======== DATA IN THIS EXERCISE
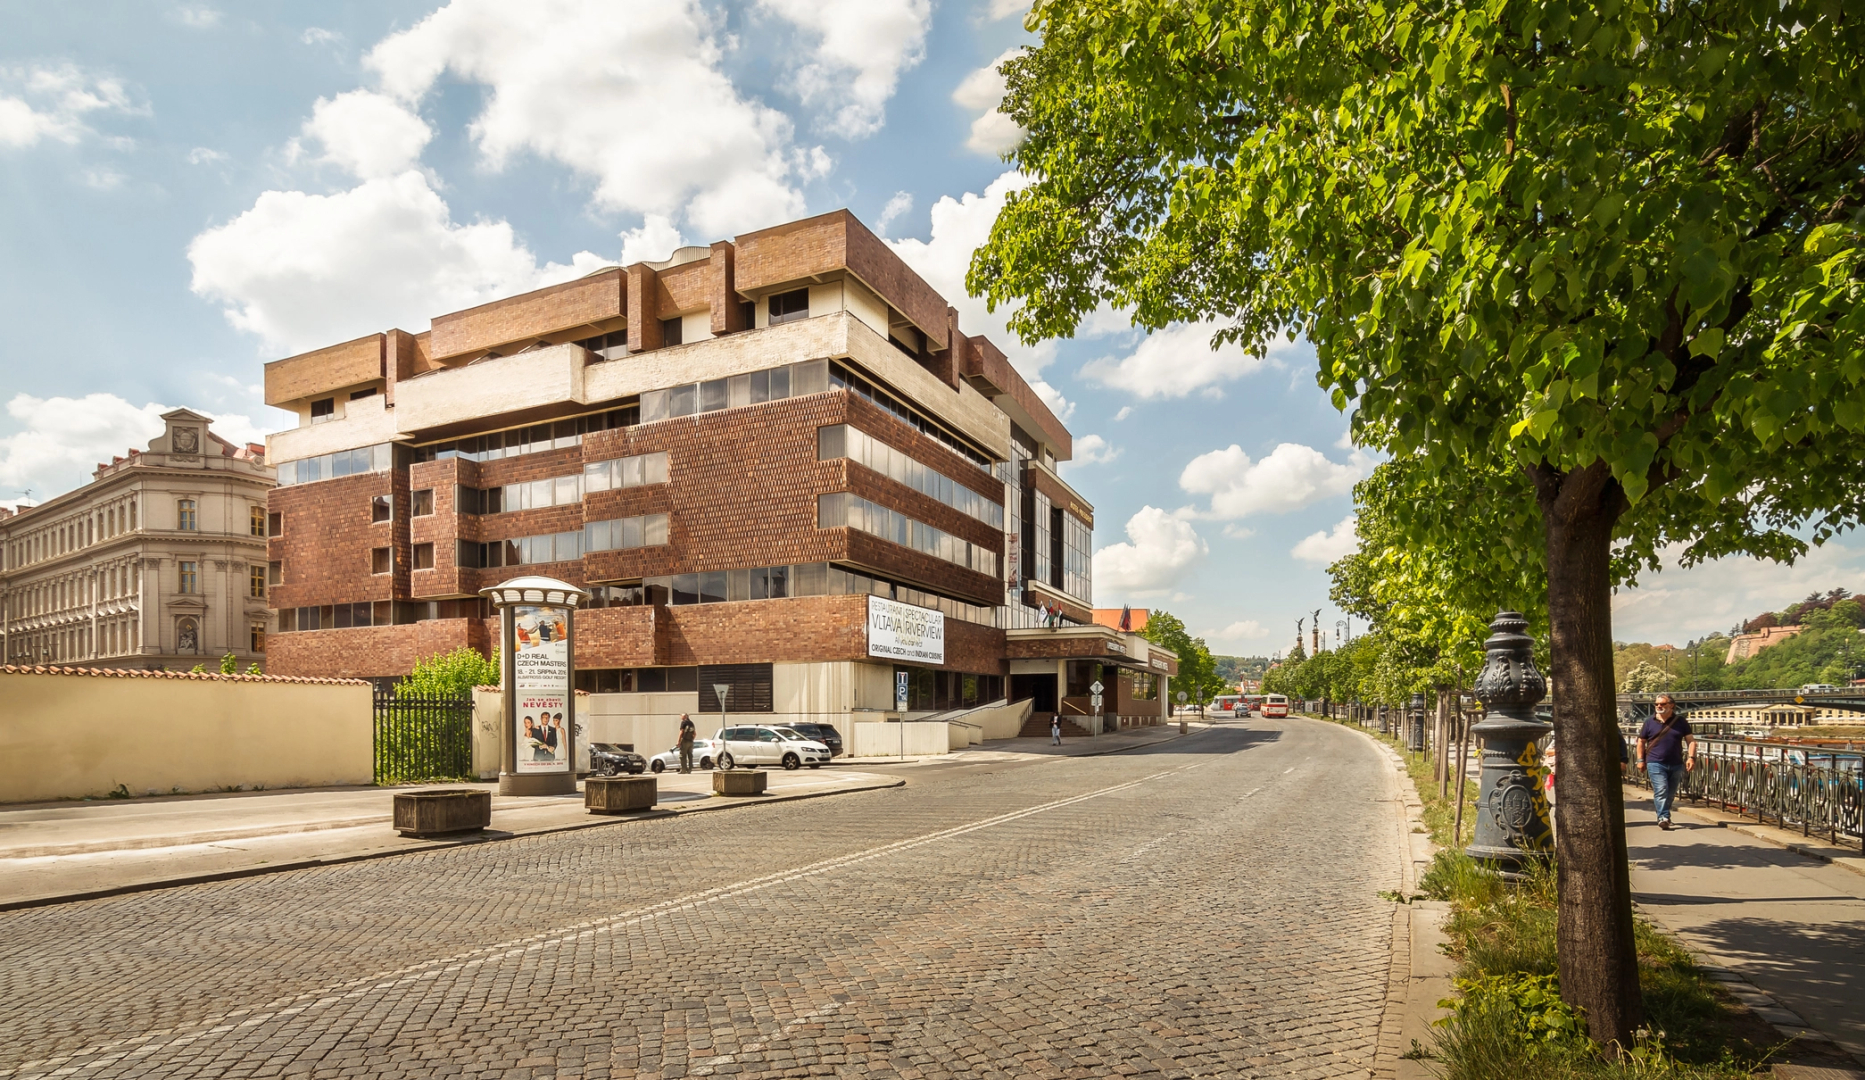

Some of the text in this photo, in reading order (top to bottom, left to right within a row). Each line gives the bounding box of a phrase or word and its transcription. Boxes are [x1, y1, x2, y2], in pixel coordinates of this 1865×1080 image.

[905, 608, 942, 625] SPECTACULAR
[871, 612, 943, 640] VLTAVA RIVERVIEW
[871, 643, 892, 654] ORIGINAL
[892, 646, 907, 655] CZECH
[915, 649, 929, 659] INDIAN
[928, 651, 943, 660] CUISINE
================
WHAT YOU HAVE TO DO
Without including any picture, output all the material exactly as it appears.

ANSWER BELOW
Some of the text in this photo, in reading order (top to bottom, left to right within a row). Each line gives the bounding box of a phrase or word and its transcription. Boxes are [x1, y1, x2, y2], in pixel coordinates of this 1865×1080 image.

[905, 608, 942, 625] SPECTACULAR
[871, 612, 943, 640] VLTAVA RIVERVIEW
[871, 643, 892, 654] ORIGINAL
[892, 646, 907, 655] CZECH
[915, 649, 929, 659] INDIAN
[928, 651, 943, 660] CUISINE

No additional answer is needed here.